**Aim of the exercise**
The expected result is a word-for-word copy of the entries, minus any pictures.

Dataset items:

========================================================================

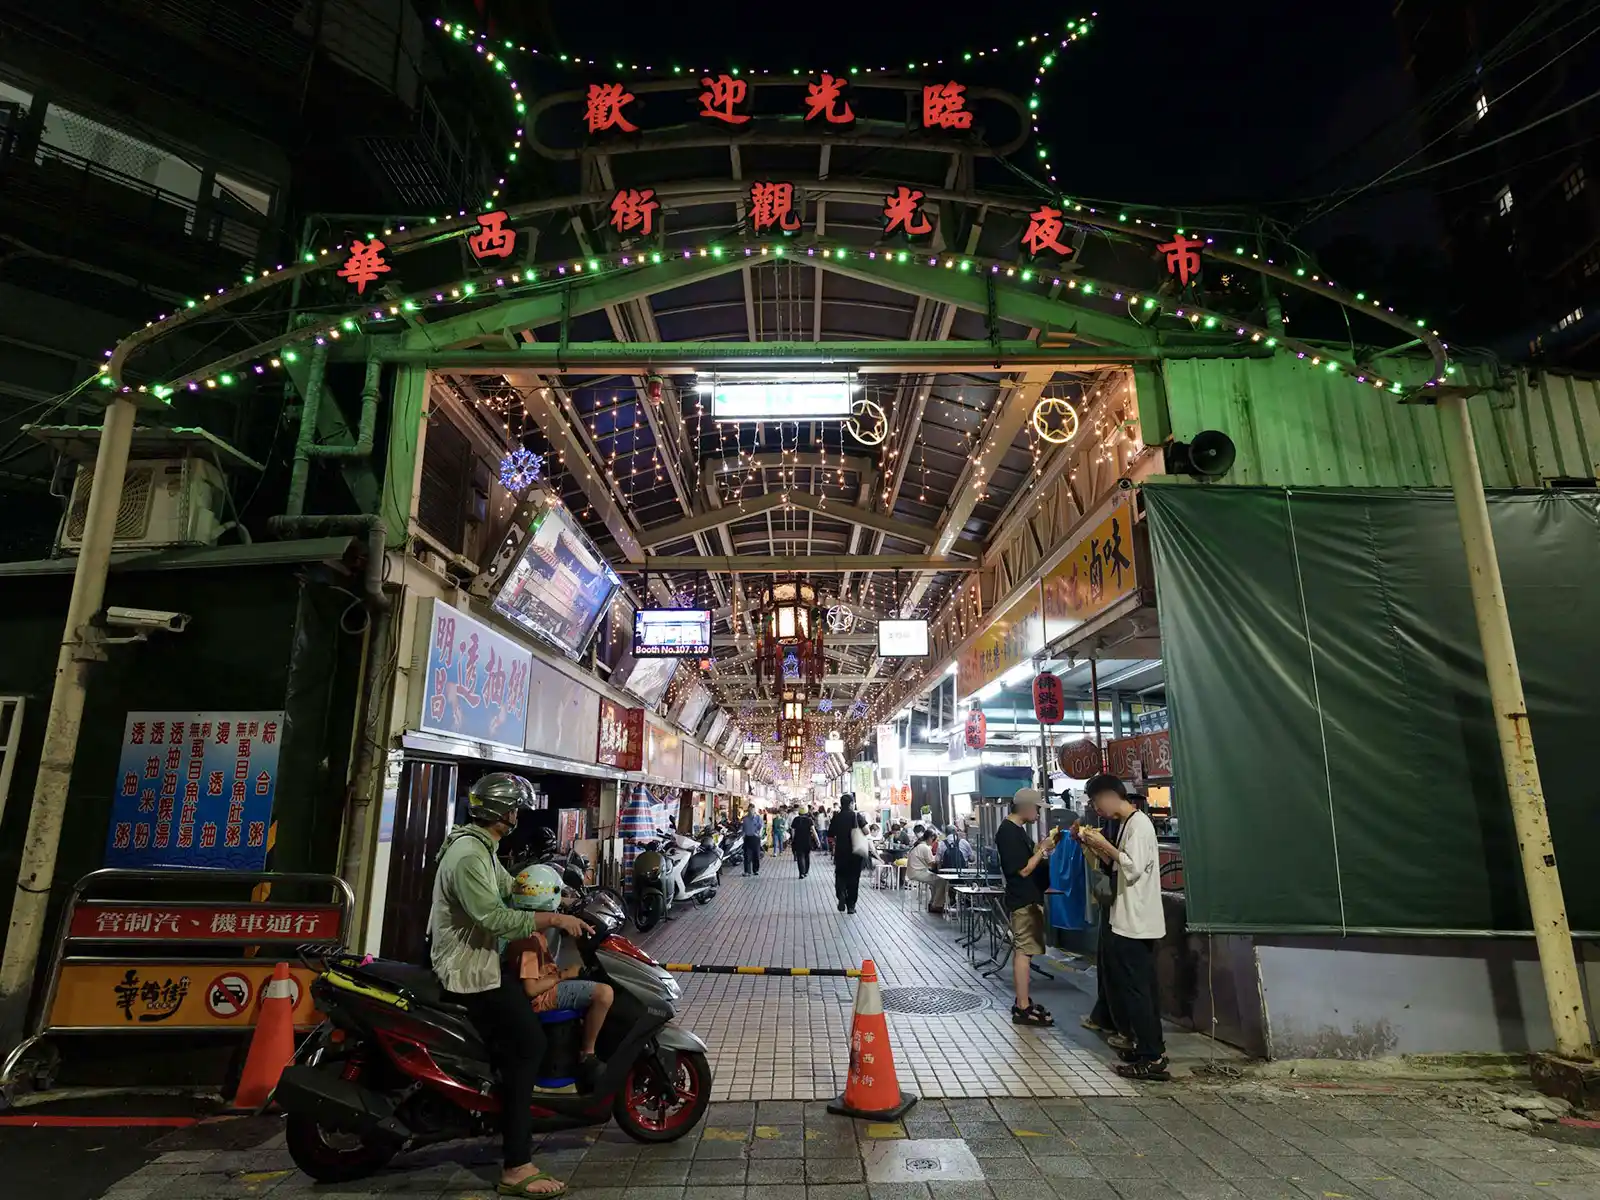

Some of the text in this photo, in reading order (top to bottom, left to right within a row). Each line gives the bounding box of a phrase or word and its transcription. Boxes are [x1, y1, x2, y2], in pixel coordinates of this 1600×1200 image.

[583, 74, 973, 134] 歡迎光臨
[337, 181, 1205, 294] 華西街觀光夜市
[635, 645, 660, 654] Booth
[694, 645, 709, 654] 109
[96, 911, 320, 934] 管制汽、機車通行
[861, 1031, 875, 1087] 華西街

========================================================================

**The answer**
Some of the text in this photo, in reading order (top to bottom, left to right within a row). Each line gives the bounding box of a phrase or word and its transcription. Boxes are [x1, y1, x2, y2], in pixel coordinates of this 1600×1200 image.

[583, 74, 973, 134] 歡迎光臨
[337, 181, 1205, 294] 華西街觀光夜市
[635, 645, 660, 654] Booth
[694, 645, 709, 654] 109
[96, 911, 320, 934] 管制汽、機車通行
[861, 1031, 875, 1087] 華西街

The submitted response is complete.